I am available, should anyone have questions about Kitzmiller, to let you know whatever I can about it. I do find that there are a number of very strange misconceptions about it which find expression in forums where ID is discussed, some of which, regrettably, are spread by people like Michael Behe, who should know better.
There is a little corner of the case which I hardly ever see anyone discuss, and which is a subject near and dear to my heart: the summary judgment motion which was filed by the defense. Summary judgment motions were my favorite weapon. Essentially the idea is this: if you take the evidence in the case and construe all of it in the light most favorable to your opponent, should you still win? If you should, then summary judgment is the way to make it happen. This state of things can exist, in litigation, for any number of reasons. Is your client immune from suit? Is the claim being made against you missing some critical element on which the plaintiff bears the burden of proof?
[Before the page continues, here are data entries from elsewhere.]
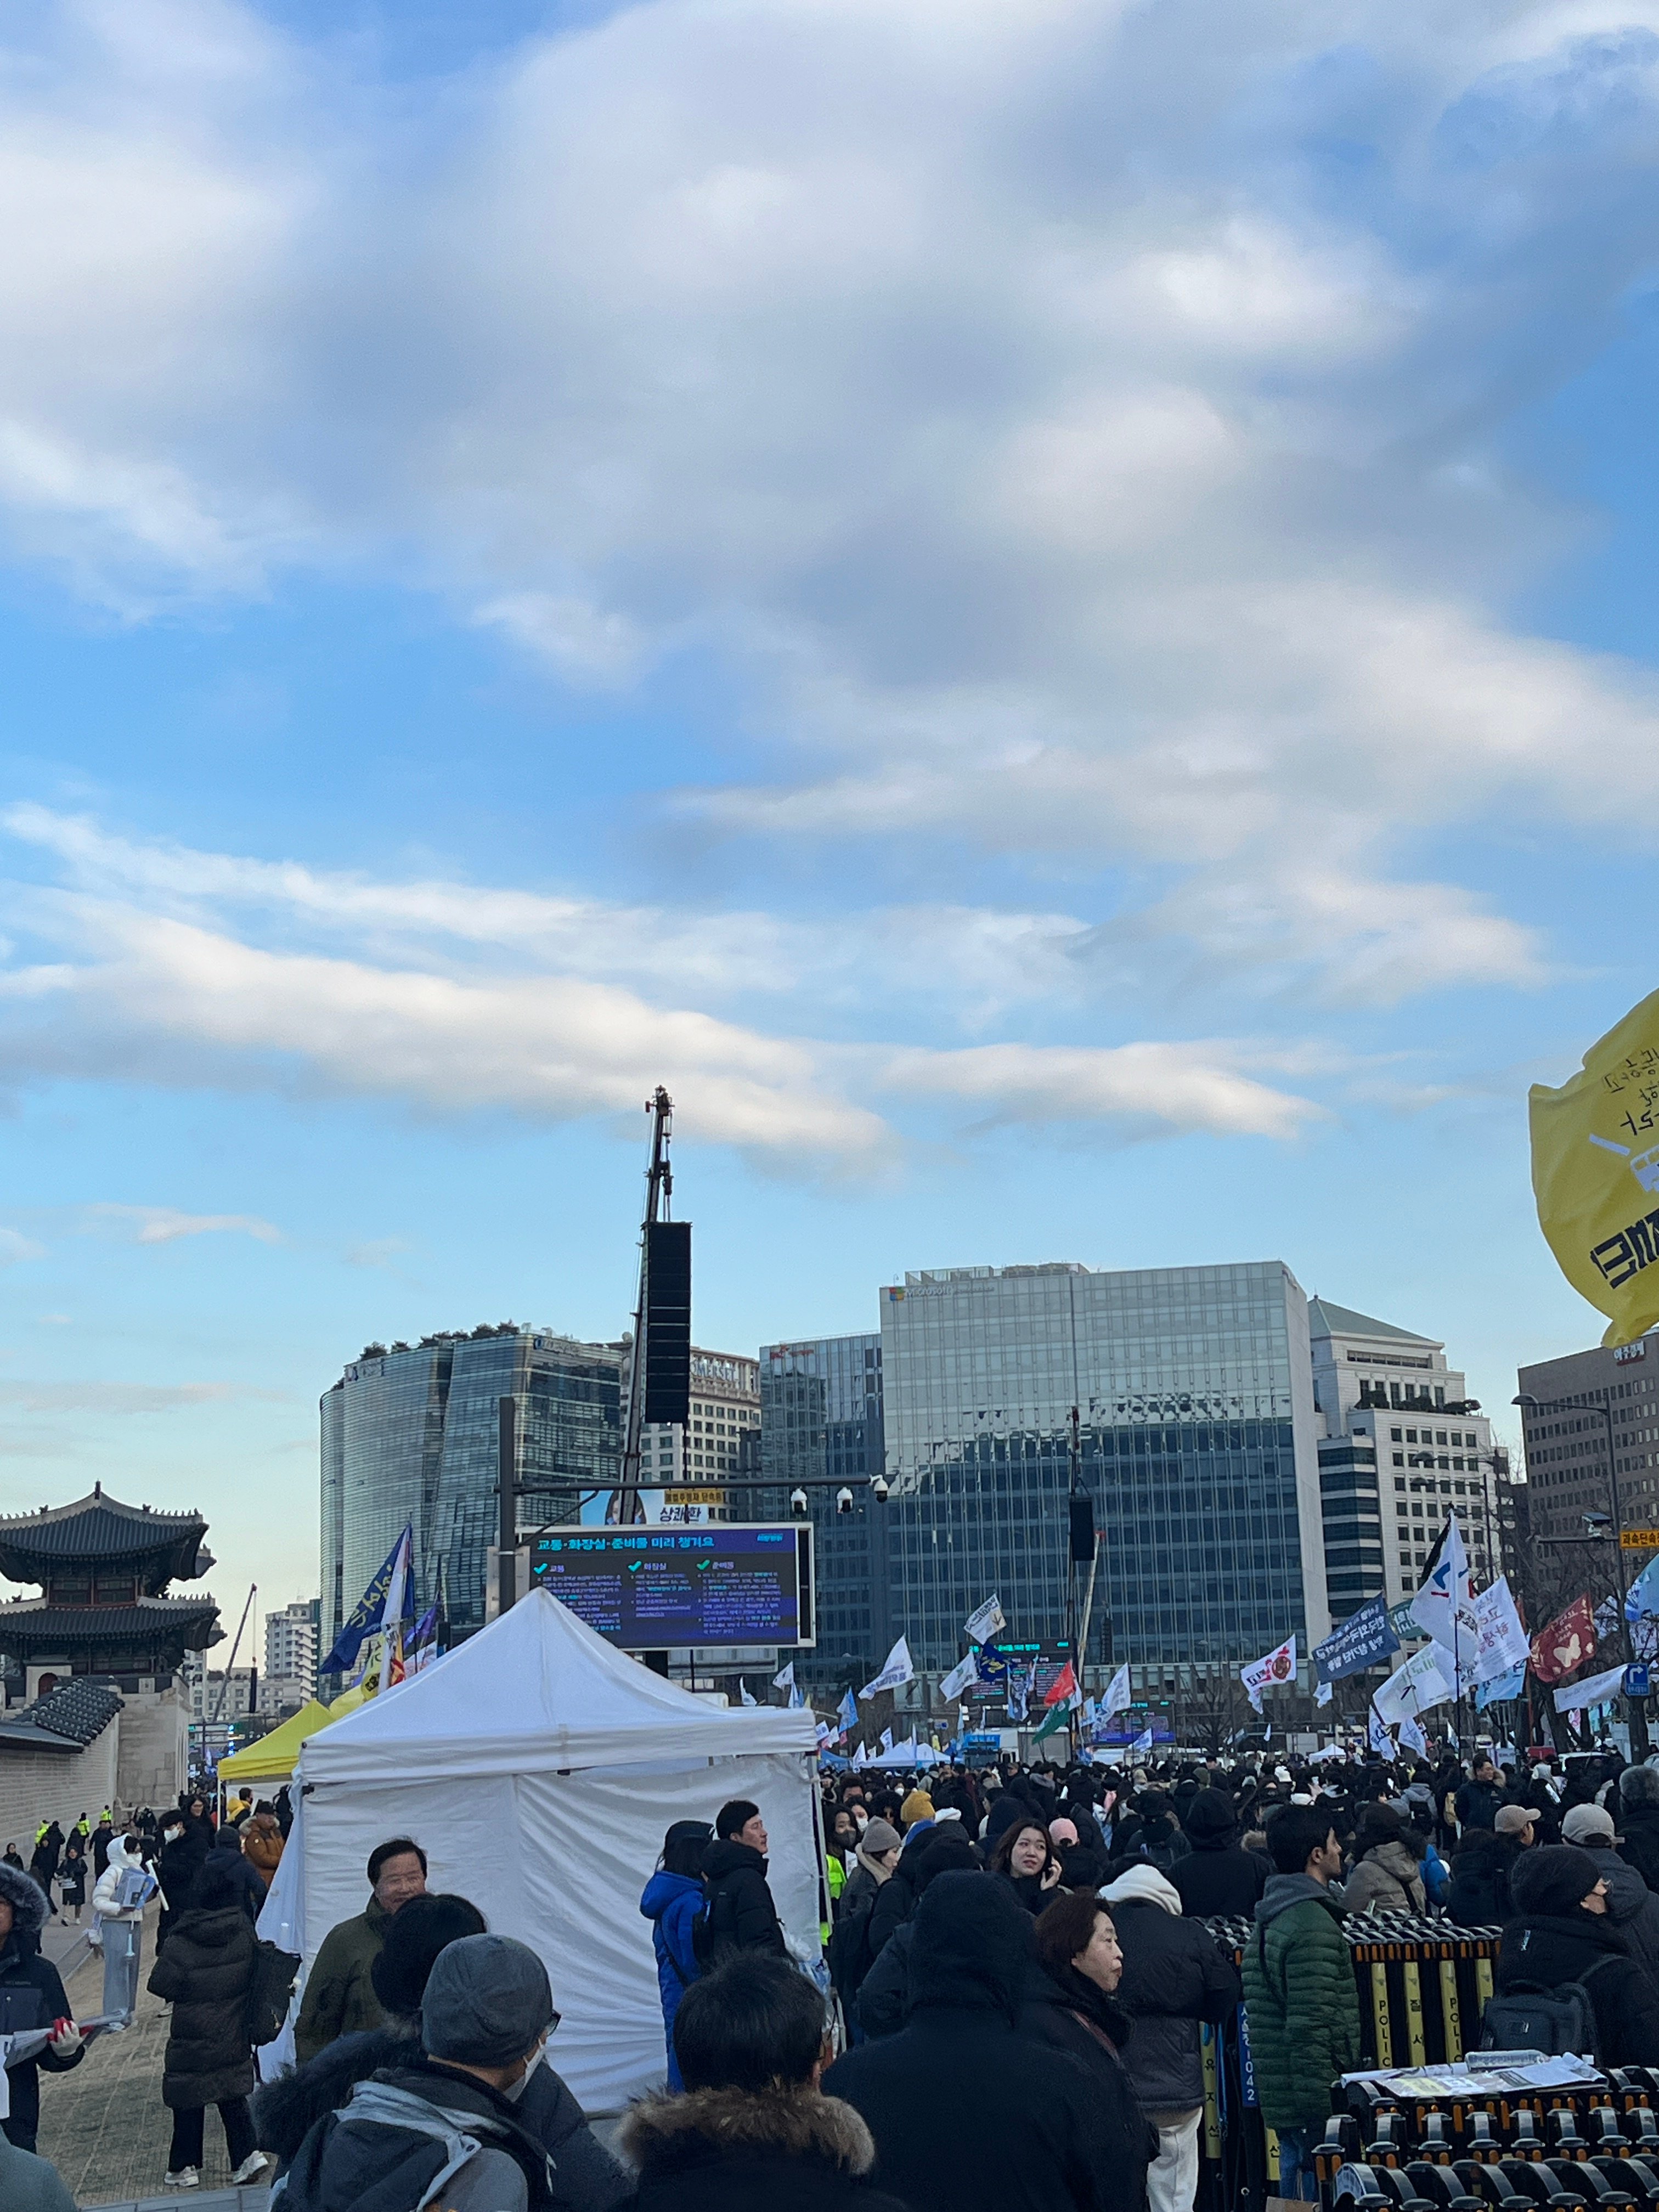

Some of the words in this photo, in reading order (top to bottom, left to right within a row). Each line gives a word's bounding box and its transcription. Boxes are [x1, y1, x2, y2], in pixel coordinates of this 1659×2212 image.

[906, 1285, 953, 1298] Microsoft
[651, 1536, 675, 1549] 미리
[1623, 1532, 1659, 1545] 과속단속
[1379, 2000, 1391, 2067] POLIC
[1449, 1997, 1463, 2063] POLIC
Usually these are filed by the defense, because it’s easier to break a claim by producing one flaw in it than it is to string all of the information required to present a valid claim together. Intelligent Design Litigation, and of the sort loved by Michael Behe! But my particular specialty, which in several cases led to my putting defendants spectacularly on the back foot, was in winning summary judgment for plaintiffs rather than for defendants. I settled my last case – for a YEC client, no less! – after getting the District Court to rule, on summary judgment, that a city had breached its contract with my client and had engaged in an unlawful search and seizure of his property. All that was left for trial was to figure out how much they owed him.
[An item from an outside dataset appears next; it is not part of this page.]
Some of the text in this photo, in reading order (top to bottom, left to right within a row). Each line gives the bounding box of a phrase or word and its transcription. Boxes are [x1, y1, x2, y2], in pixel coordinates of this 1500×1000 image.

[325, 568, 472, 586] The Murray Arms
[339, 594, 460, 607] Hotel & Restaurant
There are good reasons why these motions, though great favorites of skilled litigators, are NOT filed in quite a few cases. You need facts that are unambiguously in your favor in some critical legal respect; if there is any sort of argument that depends upon such things as your intent, and there is a conflict in the evidence bearing on that intent, you’re not going to win the motion. The very worst thing you can do – and one does see this, but not often – is to file a motion for summary judgment where, instead of laying out the facts that are bad for you and explaining why they don’t really matter or aren’t really bad for you, you just pretend they don’t exist and base the motion upon the claim that there’s no evidence for any of the plaintiff’s claims. Why is that bad? Two reasons.
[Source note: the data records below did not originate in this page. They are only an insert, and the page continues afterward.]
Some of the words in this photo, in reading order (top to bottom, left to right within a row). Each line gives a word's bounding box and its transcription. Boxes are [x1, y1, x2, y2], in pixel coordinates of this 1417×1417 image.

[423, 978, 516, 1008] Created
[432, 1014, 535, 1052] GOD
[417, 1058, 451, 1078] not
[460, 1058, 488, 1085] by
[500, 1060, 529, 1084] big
First, you’ll lose. It’ll be a huge waste of time, and a waste of the Court’s time, which the judge likely will not appreciate.
Second, you’ll give your opponent an opportunity to give the judge a detailed, blow-by-blow preview of the evidence against you. If that evidence is quite devastating, that preview will not put the judge in a favorable frame of mind as trial approaches. He will know, even as he hears the first witness, what the whole structure and theme of your case is.
In Kitzmiller, the mostly-Protestant school board was represented by the Thomas More Law Center. Having only viewed A Man For All Seasons, and not looked into the details of the man himself, the Board didn’t see what was coming. More was for a time Henry VIII’s Chancellor, and gloated about the burning of Protestants, saying of one that he “burned as there was neuer wretche I wene better worthy.” A lovely fellow, whose image as a hero of religious freedom may be ever so slightly erroneous. If only the Thomas More Law Center had had an appropriate motto, such as “Burning Protestants Since 1529”!
Well, the Thomas More Law Center filed a motion for summary judgment. What sort was it? It was, of course, the worst possible sort: one which asserts that the plaintiffs have no evidence of anything, opening the door wide to a full-bore preview of the devastating case against the Board.
It was no shock that the motion was denied. But here was the groundwork of the plaintiffs’ victory. Yes, a trial still had to be held, and yes, the Board might hope for Ken Miller to blow up on the stand and Michael Behe to shine. But that is not what happened, and the Thomas More Law Center skipped town, having represented the Board for “free” and left them with a bill for the plaintiffs’ fees and costs of $1,000,000.
As someone who used to try civil rights cases in US District Court (and in Pennsylvania, even!), I ate a lot of popcorn while Kitzmiller was going. Unfortunately, the blow-by-blow coverage was limited while the trial was going on. The transcripts are interesting, and it certainly was a case of immense disparity in skills of advocacy. I have seldom seen a case tried so well as this was tried by the plaintiffs’ counsel.
The longest endnote in Behe’s latest book is one long protest against the trial and the decision. But it was the people on Behe’s side who decided to go to war, and they really only have themselves to blame for their strange optimism.